Pimpin WTO, Ngozi Okonjo-Iweala Nilai Nasionalisme Vaksin Menghambat Penanganan Pandemi dan Rugikan Ekonomi
Ngozi Okonjo-Iweala. (Wikimedia Commons/World Trade Organization)

Bagikan:

JAKARTA - Ekonom berpengalaman sekaligus mantan Menteri Keuangan Nigeria Ngozi Okonjo-Iweala mencetak sejarah, usai terpilih sebagai wanita pertama yang juga orang Afrika pertama yang memimpin Organisasi Perdagangan Dunia (WTO).

Mantan pejabat Bank Dunia ini terpilih dalam pertemuan dewan umum istimewa WTO yang digelar secara daring pada Senin 15 Februari.
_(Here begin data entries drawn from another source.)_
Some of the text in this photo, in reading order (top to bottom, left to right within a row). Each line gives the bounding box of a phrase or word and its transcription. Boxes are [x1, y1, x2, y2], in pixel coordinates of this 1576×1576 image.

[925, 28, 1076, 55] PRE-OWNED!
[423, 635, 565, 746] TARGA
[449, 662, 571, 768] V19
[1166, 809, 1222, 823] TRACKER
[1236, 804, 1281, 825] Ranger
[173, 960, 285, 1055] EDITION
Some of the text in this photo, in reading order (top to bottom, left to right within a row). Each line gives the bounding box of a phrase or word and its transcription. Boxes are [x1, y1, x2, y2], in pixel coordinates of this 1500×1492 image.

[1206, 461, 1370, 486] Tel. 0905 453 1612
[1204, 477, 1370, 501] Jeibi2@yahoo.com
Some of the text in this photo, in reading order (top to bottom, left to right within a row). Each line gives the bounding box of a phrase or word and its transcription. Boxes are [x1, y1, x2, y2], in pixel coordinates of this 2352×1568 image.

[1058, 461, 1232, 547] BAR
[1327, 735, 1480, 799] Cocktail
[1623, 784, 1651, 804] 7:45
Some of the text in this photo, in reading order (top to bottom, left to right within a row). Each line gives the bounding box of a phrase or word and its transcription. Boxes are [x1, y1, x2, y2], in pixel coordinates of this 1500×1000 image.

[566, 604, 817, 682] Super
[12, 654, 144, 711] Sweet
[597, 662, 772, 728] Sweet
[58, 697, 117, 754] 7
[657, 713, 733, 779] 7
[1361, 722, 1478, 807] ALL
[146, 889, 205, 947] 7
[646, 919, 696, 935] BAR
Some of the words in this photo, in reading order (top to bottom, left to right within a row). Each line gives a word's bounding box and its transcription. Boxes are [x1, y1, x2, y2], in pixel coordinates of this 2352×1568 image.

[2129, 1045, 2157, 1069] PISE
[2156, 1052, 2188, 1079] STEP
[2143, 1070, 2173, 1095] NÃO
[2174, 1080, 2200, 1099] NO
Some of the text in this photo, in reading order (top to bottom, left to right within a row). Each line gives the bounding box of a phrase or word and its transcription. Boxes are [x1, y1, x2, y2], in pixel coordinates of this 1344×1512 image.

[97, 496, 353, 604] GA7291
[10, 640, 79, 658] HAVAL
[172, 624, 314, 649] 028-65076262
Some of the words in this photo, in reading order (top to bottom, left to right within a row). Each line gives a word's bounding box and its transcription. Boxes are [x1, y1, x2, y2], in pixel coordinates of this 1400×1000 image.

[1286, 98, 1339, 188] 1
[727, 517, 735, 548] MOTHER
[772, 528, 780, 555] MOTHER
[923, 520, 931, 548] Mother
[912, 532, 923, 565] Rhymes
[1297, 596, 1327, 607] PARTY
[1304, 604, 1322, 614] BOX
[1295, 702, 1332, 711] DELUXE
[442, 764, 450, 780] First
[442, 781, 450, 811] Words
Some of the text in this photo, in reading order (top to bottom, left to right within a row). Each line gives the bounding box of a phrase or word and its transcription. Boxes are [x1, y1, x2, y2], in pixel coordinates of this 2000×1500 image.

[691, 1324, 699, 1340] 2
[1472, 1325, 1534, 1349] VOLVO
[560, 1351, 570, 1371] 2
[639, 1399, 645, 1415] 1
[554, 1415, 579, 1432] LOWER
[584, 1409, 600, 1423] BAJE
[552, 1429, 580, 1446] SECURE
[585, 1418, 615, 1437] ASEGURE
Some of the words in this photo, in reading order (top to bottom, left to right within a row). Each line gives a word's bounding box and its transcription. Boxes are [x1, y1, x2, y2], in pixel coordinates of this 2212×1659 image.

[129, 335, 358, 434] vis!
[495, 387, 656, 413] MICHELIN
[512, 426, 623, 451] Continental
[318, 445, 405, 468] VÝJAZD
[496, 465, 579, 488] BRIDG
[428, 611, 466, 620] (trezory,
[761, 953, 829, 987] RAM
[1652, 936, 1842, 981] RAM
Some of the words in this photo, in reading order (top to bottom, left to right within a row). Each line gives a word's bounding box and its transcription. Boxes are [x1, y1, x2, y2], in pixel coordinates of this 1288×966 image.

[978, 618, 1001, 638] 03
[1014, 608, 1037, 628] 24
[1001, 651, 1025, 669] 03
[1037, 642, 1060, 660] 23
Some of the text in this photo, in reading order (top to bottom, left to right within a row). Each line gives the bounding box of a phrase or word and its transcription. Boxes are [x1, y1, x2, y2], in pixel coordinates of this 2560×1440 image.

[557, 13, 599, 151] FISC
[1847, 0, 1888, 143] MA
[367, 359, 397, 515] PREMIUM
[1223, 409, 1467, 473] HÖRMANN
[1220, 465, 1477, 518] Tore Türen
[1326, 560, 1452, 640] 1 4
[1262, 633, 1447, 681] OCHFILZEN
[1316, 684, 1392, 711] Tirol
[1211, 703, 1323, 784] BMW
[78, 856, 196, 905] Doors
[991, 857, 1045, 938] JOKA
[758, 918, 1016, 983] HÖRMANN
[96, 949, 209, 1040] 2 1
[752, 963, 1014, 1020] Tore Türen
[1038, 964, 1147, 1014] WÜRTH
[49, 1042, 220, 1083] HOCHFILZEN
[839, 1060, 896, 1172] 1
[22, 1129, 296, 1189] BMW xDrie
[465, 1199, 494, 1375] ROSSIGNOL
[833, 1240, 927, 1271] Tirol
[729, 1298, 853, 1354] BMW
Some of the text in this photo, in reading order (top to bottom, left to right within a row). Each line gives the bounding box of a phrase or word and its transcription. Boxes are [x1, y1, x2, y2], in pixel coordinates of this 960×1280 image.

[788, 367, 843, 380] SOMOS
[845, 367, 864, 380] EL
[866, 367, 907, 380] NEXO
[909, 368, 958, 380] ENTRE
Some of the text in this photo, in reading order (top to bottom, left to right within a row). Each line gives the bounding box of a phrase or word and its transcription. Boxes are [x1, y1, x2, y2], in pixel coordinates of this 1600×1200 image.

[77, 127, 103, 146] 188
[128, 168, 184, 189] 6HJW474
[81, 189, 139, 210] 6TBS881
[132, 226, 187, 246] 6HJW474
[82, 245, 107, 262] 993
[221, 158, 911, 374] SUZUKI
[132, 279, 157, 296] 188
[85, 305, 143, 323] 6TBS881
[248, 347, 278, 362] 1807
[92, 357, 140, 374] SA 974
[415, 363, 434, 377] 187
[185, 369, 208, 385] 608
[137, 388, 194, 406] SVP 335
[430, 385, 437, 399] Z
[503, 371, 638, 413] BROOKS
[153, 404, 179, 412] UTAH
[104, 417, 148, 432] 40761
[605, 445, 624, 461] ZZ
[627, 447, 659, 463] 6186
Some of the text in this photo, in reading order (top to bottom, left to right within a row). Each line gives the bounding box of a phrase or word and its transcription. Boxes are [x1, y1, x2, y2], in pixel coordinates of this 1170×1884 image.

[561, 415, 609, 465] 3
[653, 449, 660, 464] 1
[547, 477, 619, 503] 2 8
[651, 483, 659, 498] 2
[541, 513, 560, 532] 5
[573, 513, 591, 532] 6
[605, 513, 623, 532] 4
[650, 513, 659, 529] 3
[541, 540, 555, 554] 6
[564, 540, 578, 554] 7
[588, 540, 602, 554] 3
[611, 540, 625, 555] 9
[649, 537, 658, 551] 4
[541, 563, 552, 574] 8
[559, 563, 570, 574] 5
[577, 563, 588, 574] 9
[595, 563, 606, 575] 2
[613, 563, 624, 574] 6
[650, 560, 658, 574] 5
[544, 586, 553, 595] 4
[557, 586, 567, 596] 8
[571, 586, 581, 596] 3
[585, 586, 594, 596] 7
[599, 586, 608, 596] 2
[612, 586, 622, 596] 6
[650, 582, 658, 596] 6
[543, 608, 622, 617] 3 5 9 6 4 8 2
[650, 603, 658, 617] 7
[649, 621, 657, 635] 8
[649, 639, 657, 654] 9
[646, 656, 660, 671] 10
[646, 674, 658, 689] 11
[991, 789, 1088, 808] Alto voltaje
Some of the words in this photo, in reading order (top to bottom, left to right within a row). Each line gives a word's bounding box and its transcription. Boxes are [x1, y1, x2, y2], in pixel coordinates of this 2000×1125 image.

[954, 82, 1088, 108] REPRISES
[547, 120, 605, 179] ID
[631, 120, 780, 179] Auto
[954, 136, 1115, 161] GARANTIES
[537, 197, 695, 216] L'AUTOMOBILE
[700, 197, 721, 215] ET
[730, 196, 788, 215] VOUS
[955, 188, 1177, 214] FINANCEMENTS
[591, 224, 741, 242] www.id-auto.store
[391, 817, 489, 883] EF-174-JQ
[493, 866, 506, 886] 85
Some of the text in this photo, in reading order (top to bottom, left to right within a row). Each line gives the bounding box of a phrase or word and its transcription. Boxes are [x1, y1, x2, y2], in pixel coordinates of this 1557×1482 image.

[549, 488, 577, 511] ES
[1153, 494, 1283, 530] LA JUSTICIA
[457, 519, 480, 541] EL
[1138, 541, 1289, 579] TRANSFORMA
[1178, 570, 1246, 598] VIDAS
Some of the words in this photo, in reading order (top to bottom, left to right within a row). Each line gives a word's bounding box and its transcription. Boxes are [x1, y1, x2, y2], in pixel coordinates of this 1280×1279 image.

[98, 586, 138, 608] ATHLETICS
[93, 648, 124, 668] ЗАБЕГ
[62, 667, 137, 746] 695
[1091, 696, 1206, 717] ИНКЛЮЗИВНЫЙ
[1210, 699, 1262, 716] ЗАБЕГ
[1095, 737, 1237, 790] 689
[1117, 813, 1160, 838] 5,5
Ia akan menjabat sebagai Direktur Jenderal dari 1 Maret 2021 hingga 31 Agustus 2025.

Berposisi sebagai Pemimpin WTO, Okonjo-Iweala yang sebelumnya juga merupakan Utusan Khusus untuk Organisasi Kesehatan Dunia (WHO) terkait COVID-19, serta Ketua Dewan Aliansi Vaksin Global (Gavi), ingin membantu mengatasi kebuntuan masalah vaksin. 

WTO saat ini menghadapi kebuntuan atas masalah pembebasan hak kekayaan intelektual untuk obat-obatan COVID-19, dengan banyak negara kaya yang menentang. Menurutnya, 'nasionalisme vaksin' memperlambat kemajuan dalam mengakhiri pandemi COVID-19 dan dapat mengikis pertumbuhan ekonomi untuk semua negara - kaya dan miskin.

Ngozi Okonjo-Iweala mengatakan kepada Reuters bahwa prioritas utamanya adalah memastikan WTO berbuat lebih banyak untuk mengatasi pandemi, dengan mengatakan para anggota harus mempercepat upaya untuk mencabut pembatasan ekspor yang memperlambat perdagangan obat-obatan dan pasokan yang dibutuhkan.

“WTO dapat berkontribusi lebih banyak untuk membantu menghentikan pandemi. Tidak ada yang aman sampai semua orang aman. Nasionalisme vaksin saat ini tidak akan membayar, karena varian yang datang. Jika negara lain tidak diimunisasi, itu hanya pukulan balik. Tidak masuk akal bahwa orang akan mati di tempat lain, menunggu dalam antrian, saat kita memiliki teknologi," paparnya.

Okonjo-Iweala mengatakan, studi menunjukkan bahwa ekonomi global akan kehilangan 9 triliun dolar Amerika Serikat dalam potensi produksi, jika negara-negara miskin tidak dapat mendapatkan vaksinasi penduduknya dengan cepat, dan sekitar setengah dari dampaknya akan ditanggung oleh negara-negara kaya.

“Baik atas dasar kesehatan manusia maupun ekonomi, menjadi nasionalis saat ini sangat merugikan dunia internasional. Prioritas paling utama bagi saya adalah memastikan, bahwa sebelum konferensi tingkat menteri yang sangat penting kita sampai pada solusi tentang bagaimana WTO dapat membuat vaksin, terapi dan diagnostik dapat diakses dengan cara yang adil dan terjangkau untuk semua negara, terutama ke negara-negara miskin,” tandasnya.